Exercise details: Write every line below out again exactly, images omitted.

Supplied data:
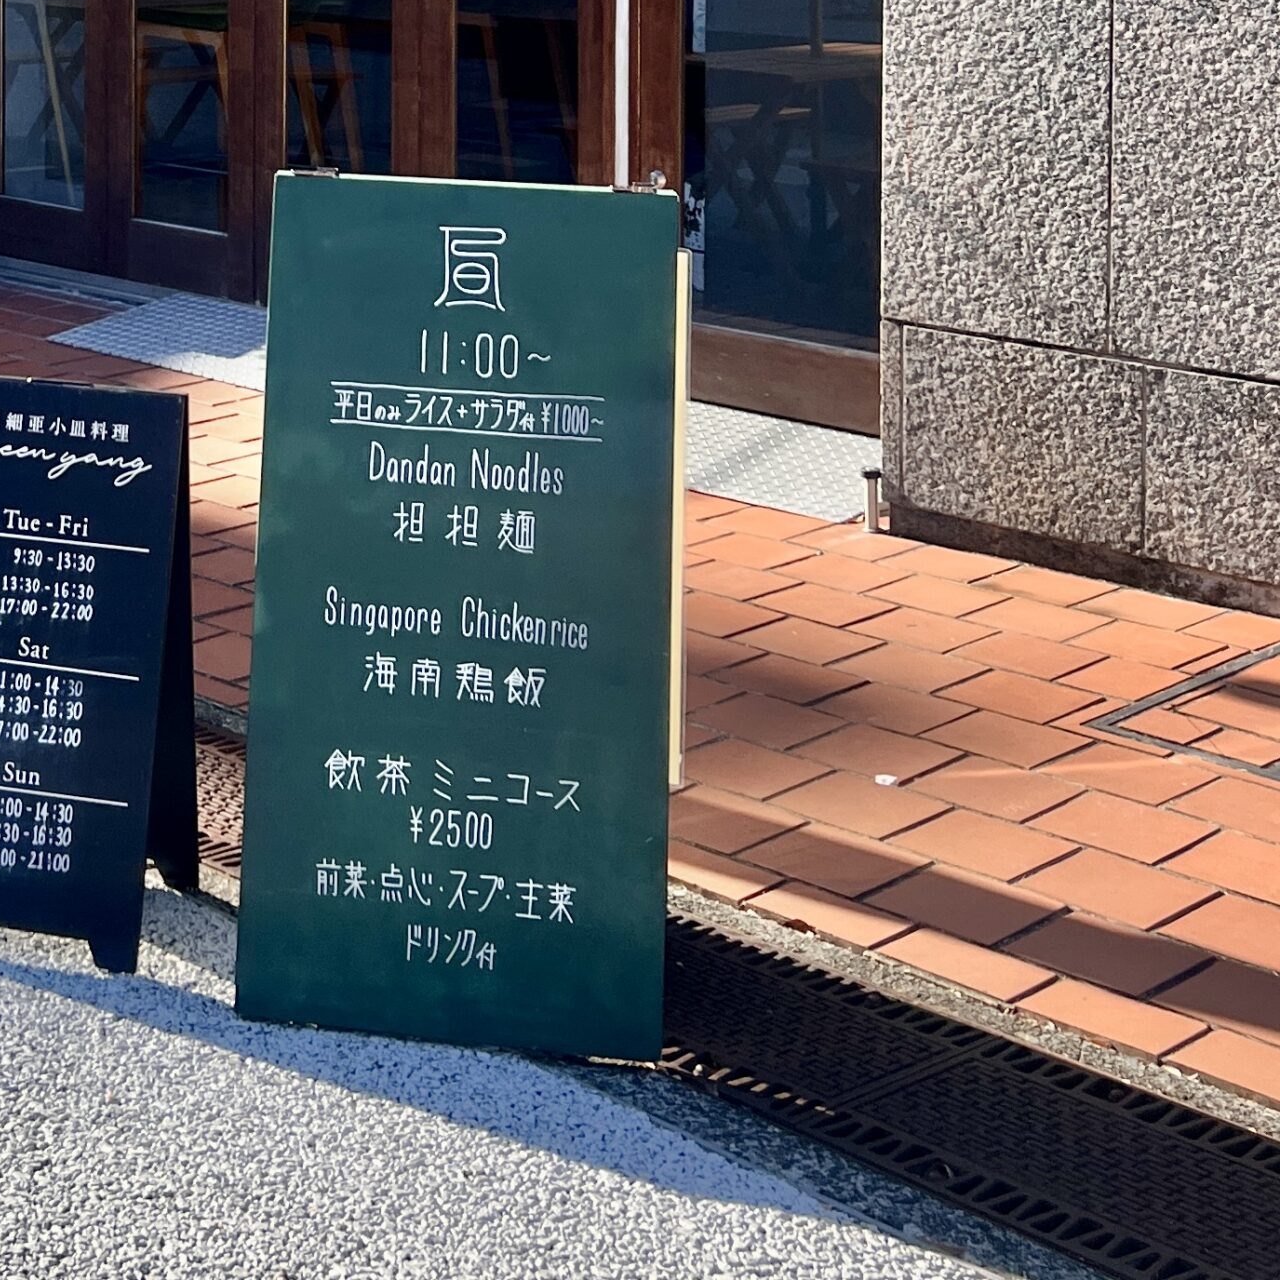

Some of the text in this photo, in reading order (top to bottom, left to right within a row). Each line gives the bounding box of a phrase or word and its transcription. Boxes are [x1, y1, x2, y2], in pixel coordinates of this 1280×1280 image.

[47, 451, 153, 487] yang
[369, 440, 565, 496] Dandan Noodles
[3, 508, 41, 532] Tue
[59, 515, 89, 537] Fri
[324, 585, 442, 637] Singapore
[18, 636, 50, 660] Sat
[363, 651, 547, 708] 海南鶏飯
[2, 761, 40, 786] Sun
[409, 805, 494, 850] ¥2500
[406, 924, 497, 971] ドリンク付
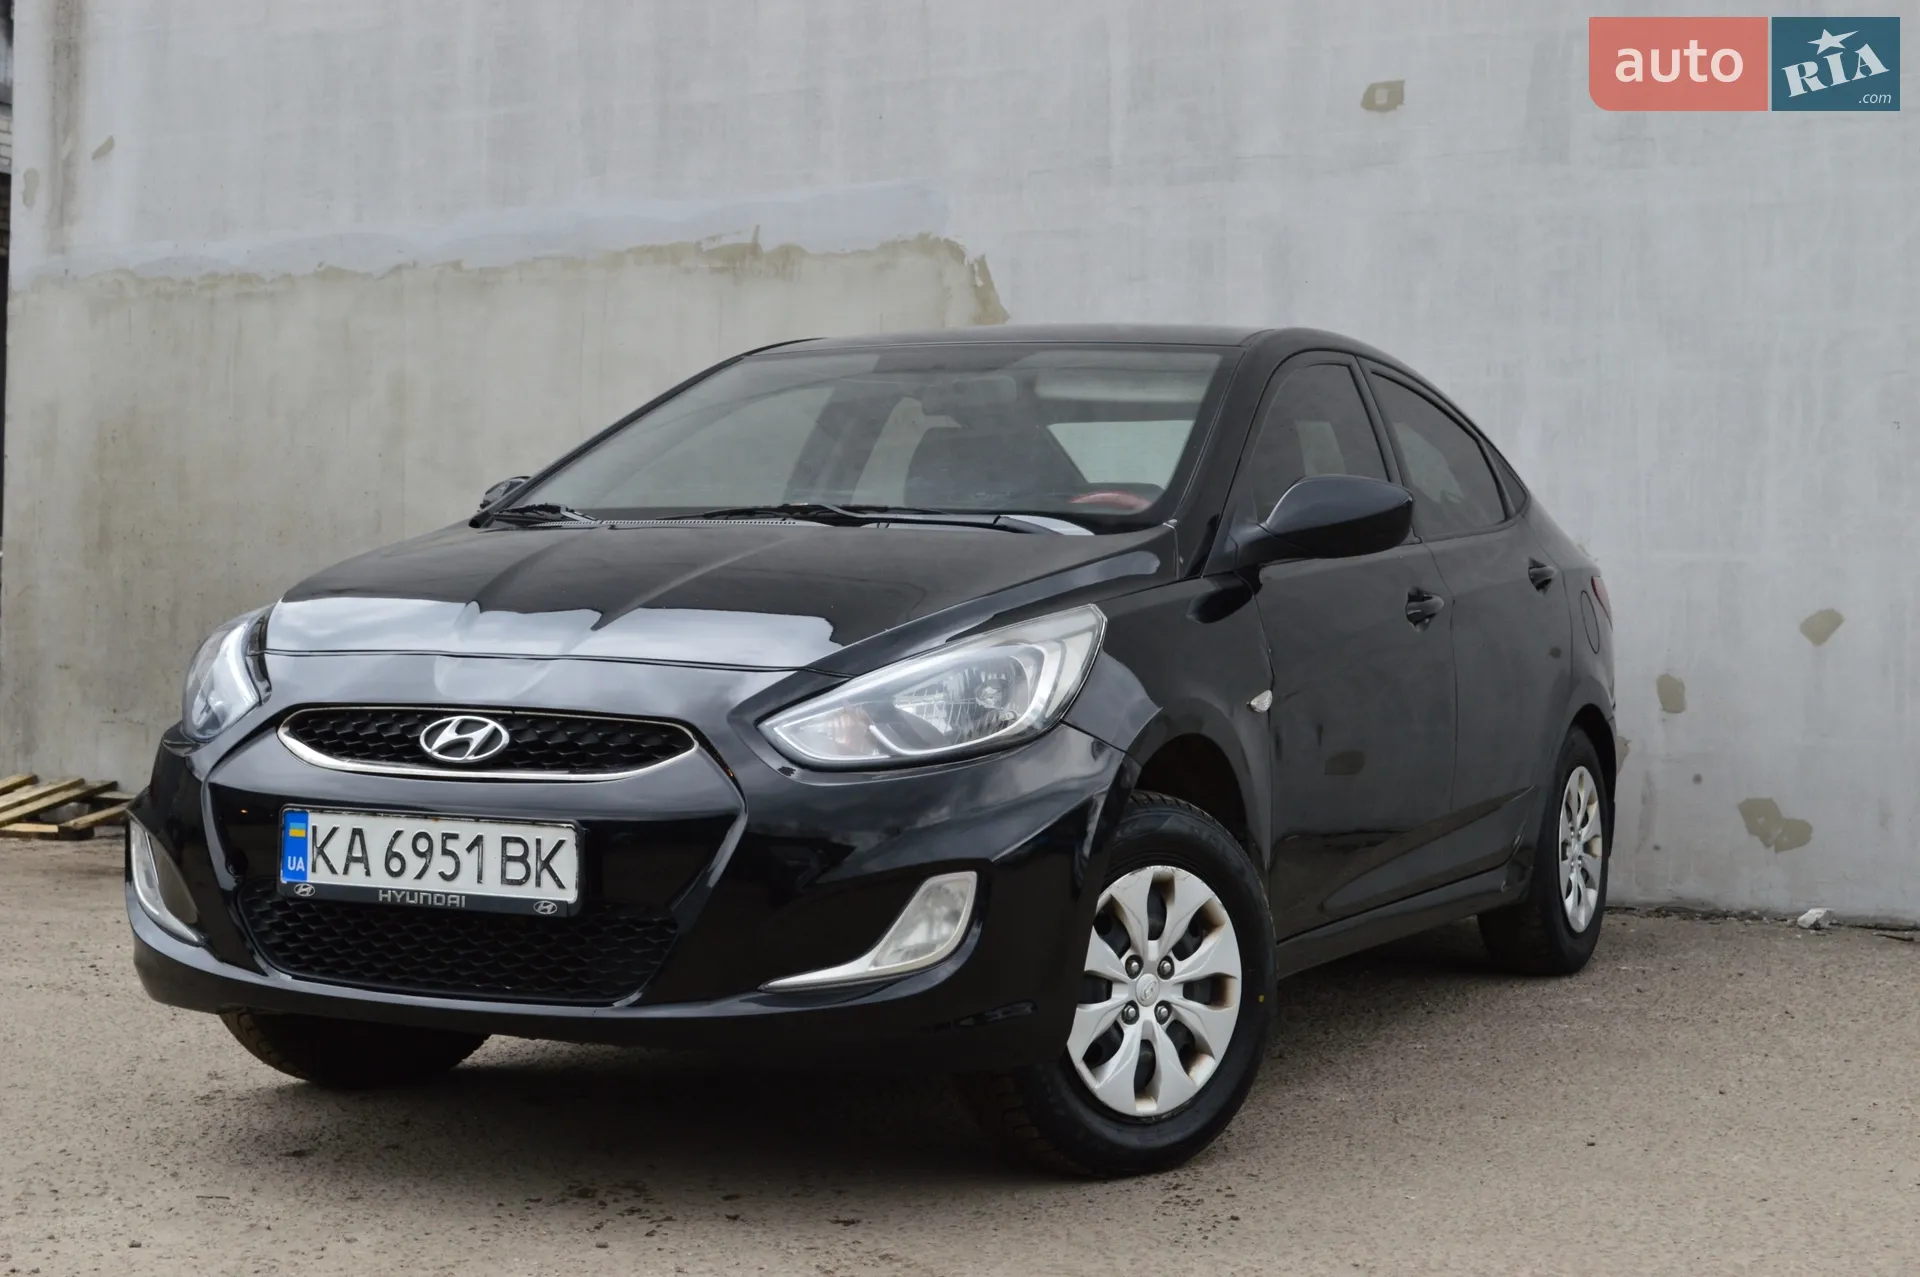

Output for this exercise:
Some of the text in this photo, in reading order (top to bottom, left to right within a row). Each line gives the bounding box of a phrase or word and its transcription. Boxes are [x1, y1, x2, y2], in pixel coordinates of this 1280×1280 image.

[47, 451, 153, 487] yang
[369, 440, 565, 496] Dandan Noodles
[3, 508, 41, 532] Tue
[59, 515, 89, 537] Fri
[324, 585, 442, 637] Singapore
[18, 636, 50, 660] Sat
[363, 651, 547, 708] 海南鶏飯
[2, 761, 40, 786] Sun
[409, 805, 494, 850] ¥2500
[406, 924, 497, 971] ドリンク付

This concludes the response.